The accolades continue to pile up for Jeong. Jeff Ruby plunges into the tasting menu and says it’s “exciting to watch as [Dave Park] steps into the spotlight and absolutely kills it.” The first dish is full of “assertive flavors” — king crab with pickled ginger, chili-braised fern, and maesil (Korean plums) sit atop a base of silken tofu.
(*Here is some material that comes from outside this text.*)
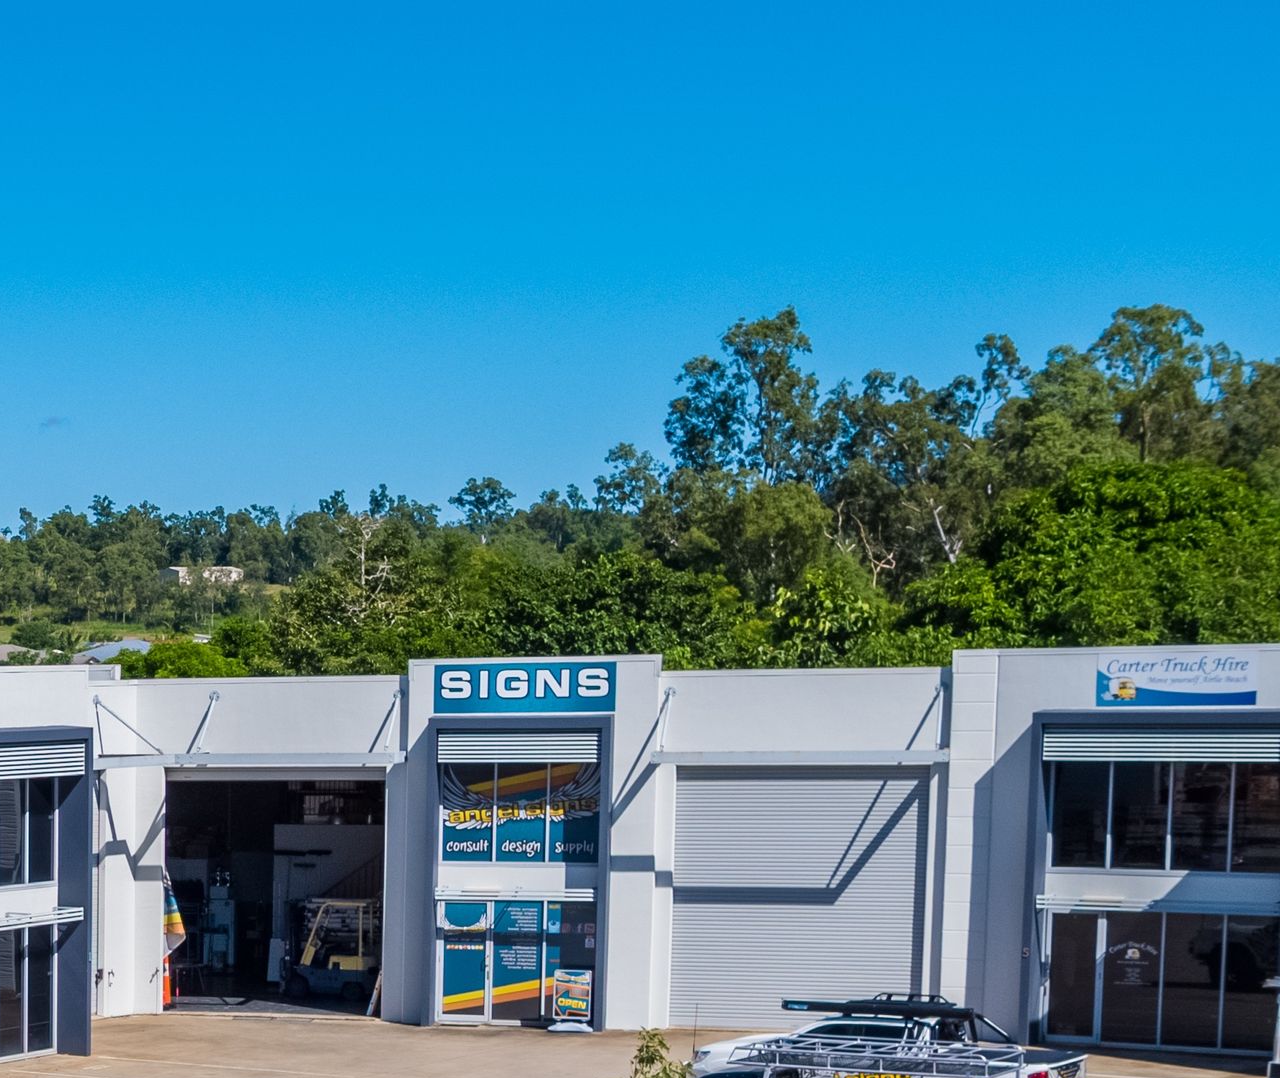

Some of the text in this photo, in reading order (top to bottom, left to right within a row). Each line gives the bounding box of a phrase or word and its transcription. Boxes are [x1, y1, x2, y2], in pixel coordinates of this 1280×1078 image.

[1106, 655, 1249, 674] Carter Truck Hire
[440, 667, 609, 699] SIGNS
[446, 839, 594, 857] consult design supply
[558, 997, 587, 1009] OPEN
Salmon tartare is Ruby’s “favorite thing from 2019 so far,” lifted by doenjang yuzu gastrique, dabs of crème fraiche, and toasted rice orbs.
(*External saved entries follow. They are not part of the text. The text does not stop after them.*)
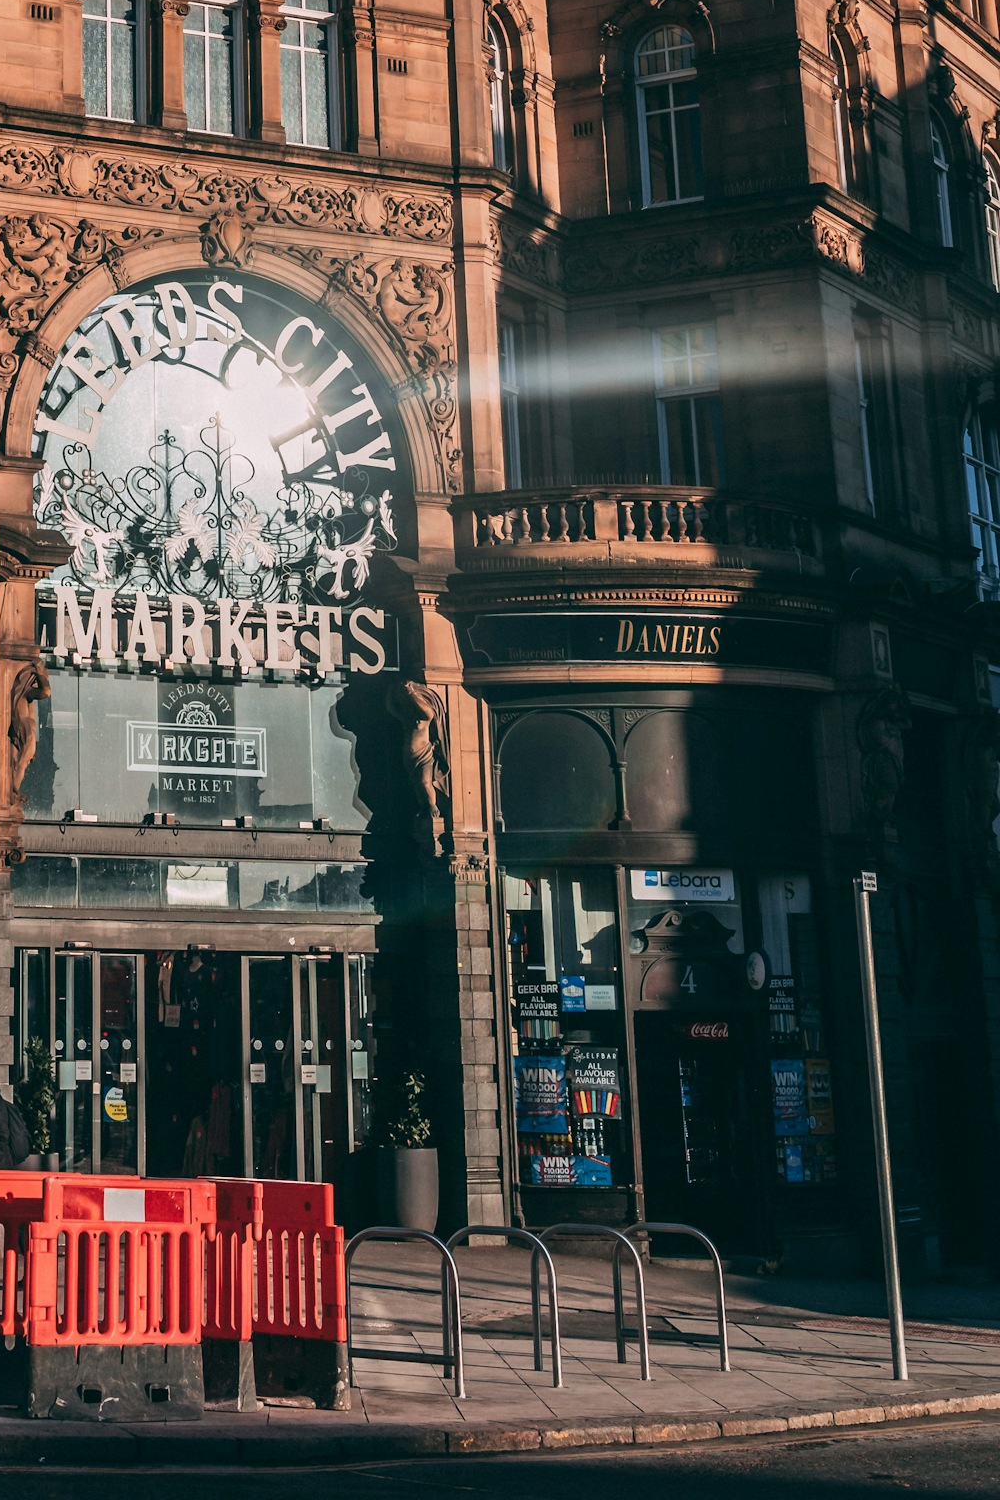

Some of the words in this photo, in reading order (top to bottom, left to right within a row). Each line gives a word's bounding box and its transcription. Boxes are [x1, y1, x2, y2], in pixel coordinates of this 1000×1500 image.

[36, 281, 243, 446] LEEDS
[275, 316, 396, 473] CITY
[53, 585, 385, 675] MARKETS
[615, 619, 721, 655] DANIELS
[508, 647, 565, 660] Tobacconist
[162, 683, 204, 710] LEEDS
[206, 684, 232, 714] CITY
[137, 733, 257, 765] KIRKGATE
[163, 778, 233, 793] MARKET
[660, 872, 721, 888] Lebara
[692, 888, 722, 897] mobile
[784, 881, 795, 900] S
[680, 965, 697, 994] 4
[518, 985, 541, 995] GEEK
[541, 984, 558, 994] BAR
[520, 1002, 558, 1010] FLAVOURS
[531, 995, 546, 1003] ALL
[588, 1062, 602, 1070] ALL
[522, 1067, 558, 1083] WIN
[575, 1070, 616, 1078] FLAVOURS
[576, 1076, 616, 1085] AVAILABLE
[774, 1071, 798, 1087] WIN
[543, 1156, 570, 1168] WIN
The savory portion of the meal is capped off with two “stone-cold masterpieces.” Slices of seared duck are served with yulmoo rice and “deep-flavored” kimchi. “The beautiful triptych feels modern but preserves the spirit of Korean cooking.” It’s followed by a sunchoke croquette, “whose earthy tones make the ideal foil for a medium-rare bavette of American wagyu with a powerful kimchi-truffle emulsion.” Desserts don’t let up and feature a chestnut financier — sandwiched between caramel and flanked by whipped chocolate ganache — that “captures everything about where Park is right now: at once nostalgic and inventive, and constantly refining.” [Chicago]
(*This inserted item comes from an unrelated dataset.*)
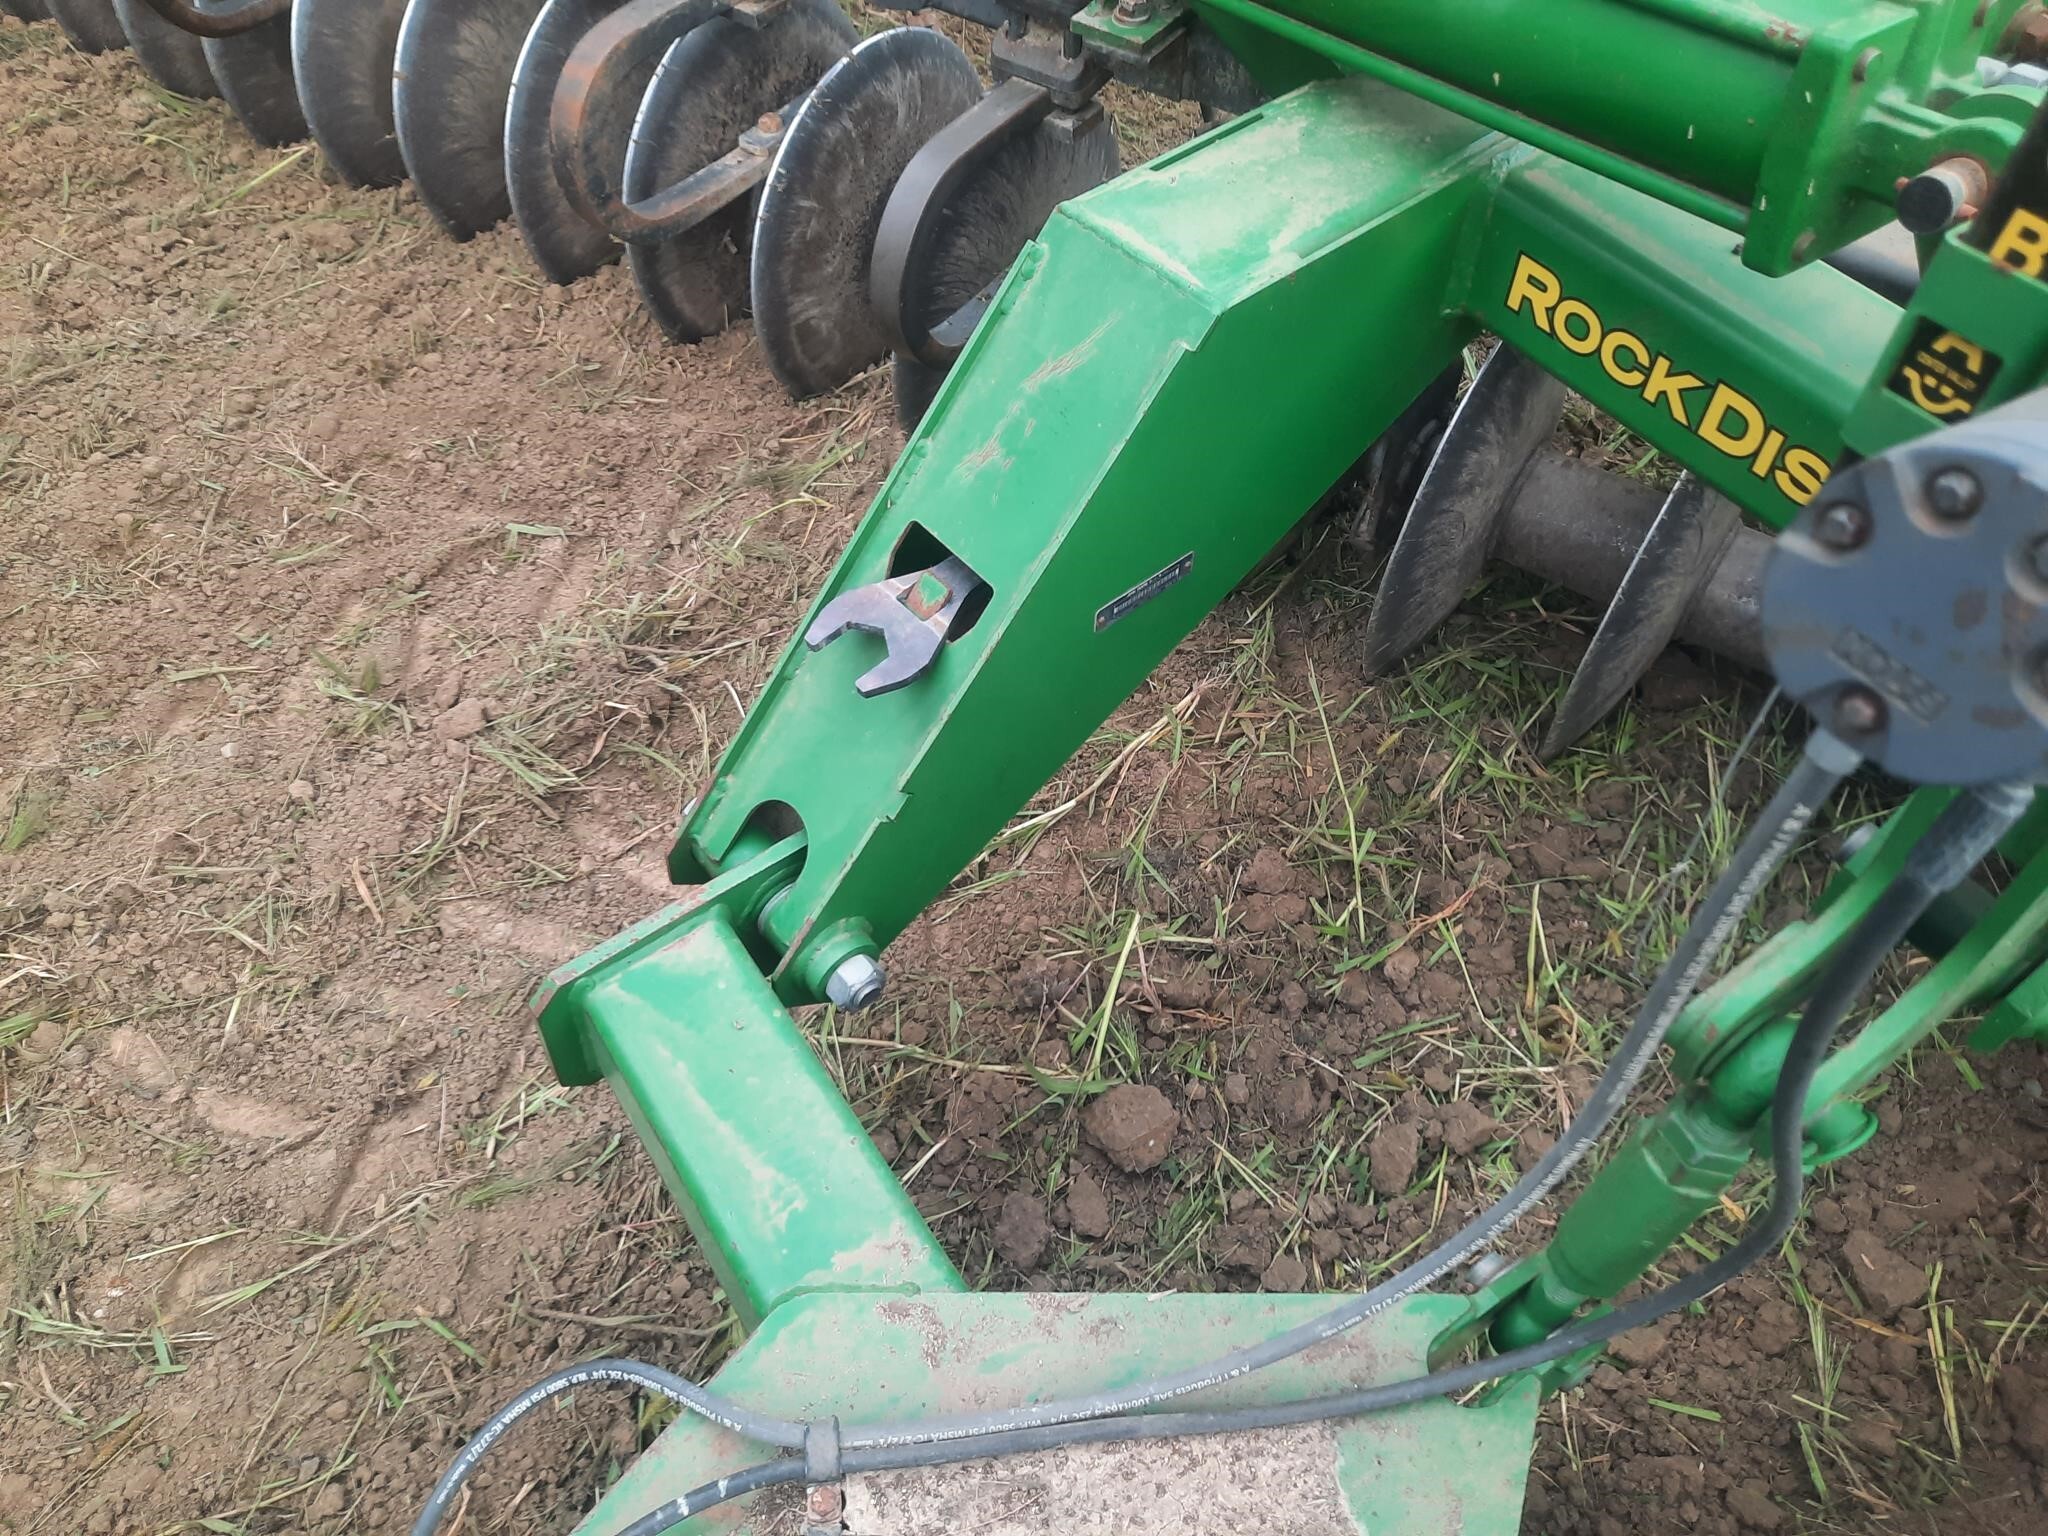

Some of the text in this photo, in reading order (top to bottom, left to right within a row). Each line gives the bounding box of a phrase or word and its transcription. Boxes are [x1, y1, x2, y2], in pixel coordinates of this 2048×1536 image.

Phil Vettel also thinks Jeong is a “start-to-finish delight.” The Tribune critic calls the tasting menu a “conspicuous bargain compared to menus of similar size and skill,” but “there’s no drop-off in quality among the a la carte options.” Tteokbokki bathes in a spicy chile sauce and is topped with marinated quail eggs and pickled mustard seeds, while wok-stirred broccoli “offers a riot of textures and flavors.” Entrees are “all terrific” and include a “beautiful” piece of cod surrounded by a seaweed broth. The “must-have” is the pressed duck confit that “looks dense, but yields to the slightest prodding of the fork.” Desserts “entice and delight;” the chestnut financier with smoked-chestnut cream and doenjang “offers an abundance of complementary, comfort-food flavors.” [Tribune]
Flat & Point isn’t a typical barbecue joint and owner Brian Bruns is putting out “high-performance, quality-sourced, and confidently creative food.” Mike Sula cautions readers to “don’t come expecting barbecue as you know it.” Instead, there are meaty delicacies, such as a “sublime” piece of wagyu brisket that’s “laced with buttery intramuscular fat rendered clear and jiggly and suffused with gentle smoke flavor.” An “unconventional” porchetta features pork belly rolled around housemade sausage, and served on a bed of creamy polenta. Other highlights include an “intensely beefy” brisket burger, and lamb terrine wrapped in ramp leaves and served with pickled mustard seed. The offerings might come at a higher price point compared to its competitors but Sula suggests to just “think of it as a gift from the gods.” [Reader]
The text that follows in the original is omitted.